Exercise description
Print back each record unchanged, without pictures.

[Records shown Boundary: Start]

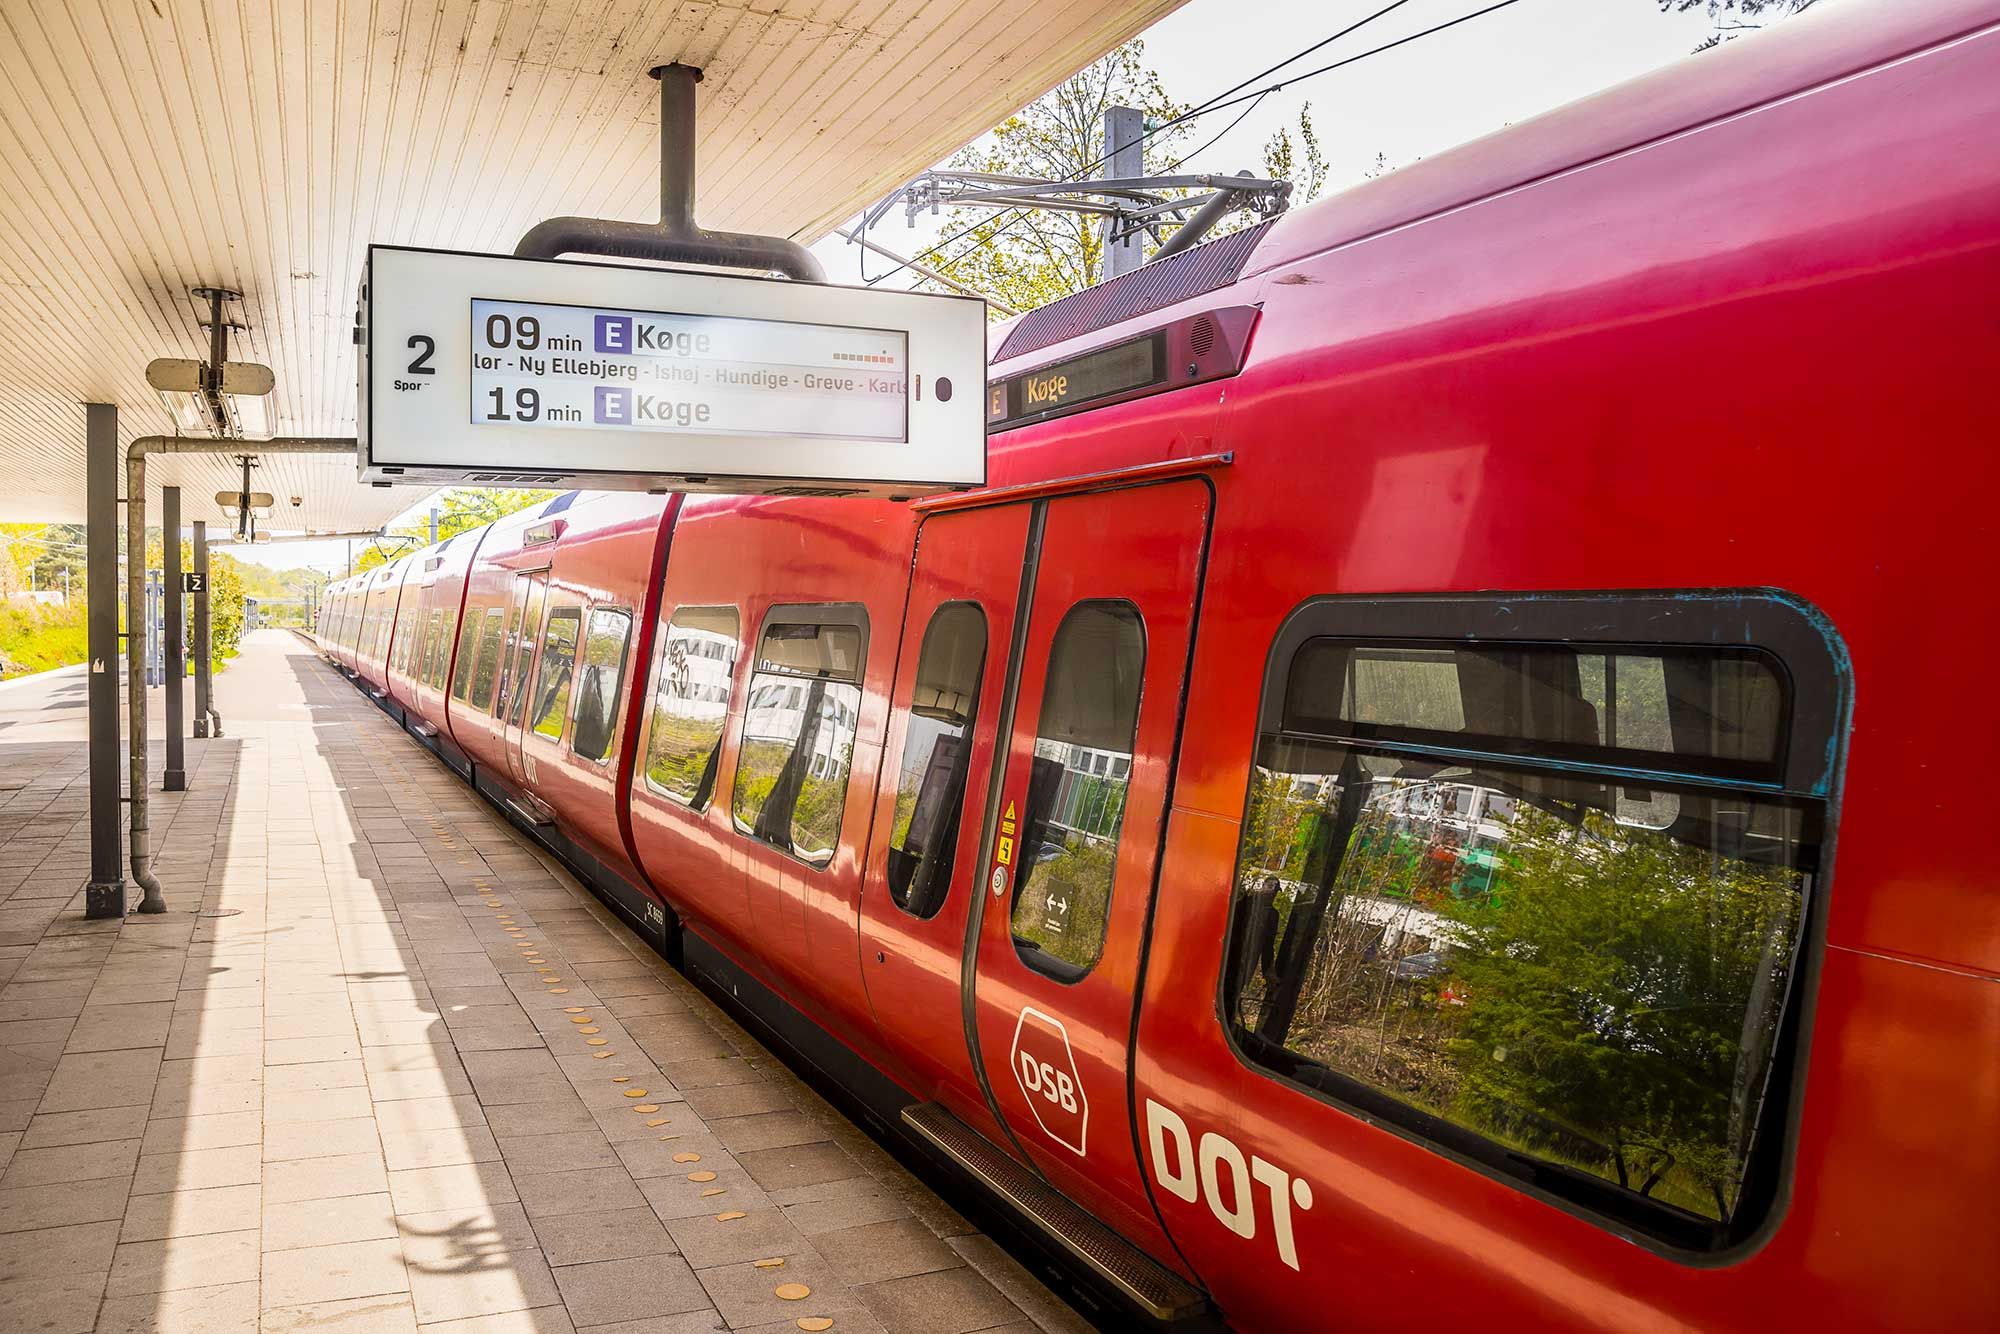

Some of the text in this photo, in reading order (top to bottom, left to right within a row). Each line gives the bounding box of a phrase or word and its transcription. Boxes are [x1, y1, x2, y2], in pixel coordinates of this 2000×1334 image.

[407, 334, 436, 375] 2
[486, 314, 711, 356] 09 min E Køge
[394, 380, 422, 392] Spor
[474, 353, 502, 370] lør
[519, 356, 545, 376] Ny
[552, 358, 638, 381] Ellebjerg
[655, 364, 699, 384] Ishøj
[716, 368, 789, 390] Hundige
[804, 373, 854, 391] Greve
[487, 386, 711, 427] 19 min E Køge
[992, 374, 1067, 415] E Køge
[1020, 1049, 1078, 1114] DSB
[1146, 1098, 1313, 1272] DOT

[Records shown Boundary: End]

Solution to the exercise
Some of the text in this photo, in reading order (top to bottom, left to right within a row). Each line gives the bounding box of a phrase or word and its transcription. Boxes are [x1, y1, x2, y2], in pixel coordinates of this 2000×1334 image.

[407, 334, 436, 375] 2
[486, 314, 711, 356] 09 min E Køge
[394, 380, 422, 392] Spor
[474, 353, 502, 370] lør
[519, 356, 545, 376] Ny
[552, 358, 638, 381] Ellebjerg
[655, 364, 699, 384] Ishøj
[716, 368, 789, 390] Hundige
[804, 373, 854, 391] Greve
[487, 386, 711, 427] 19 min E Køge
[992, 374, 1067, 415] E Køge
[1020, 1049, 1078, 1114] DSB
[1146, 1098, 1313, 1272] DOT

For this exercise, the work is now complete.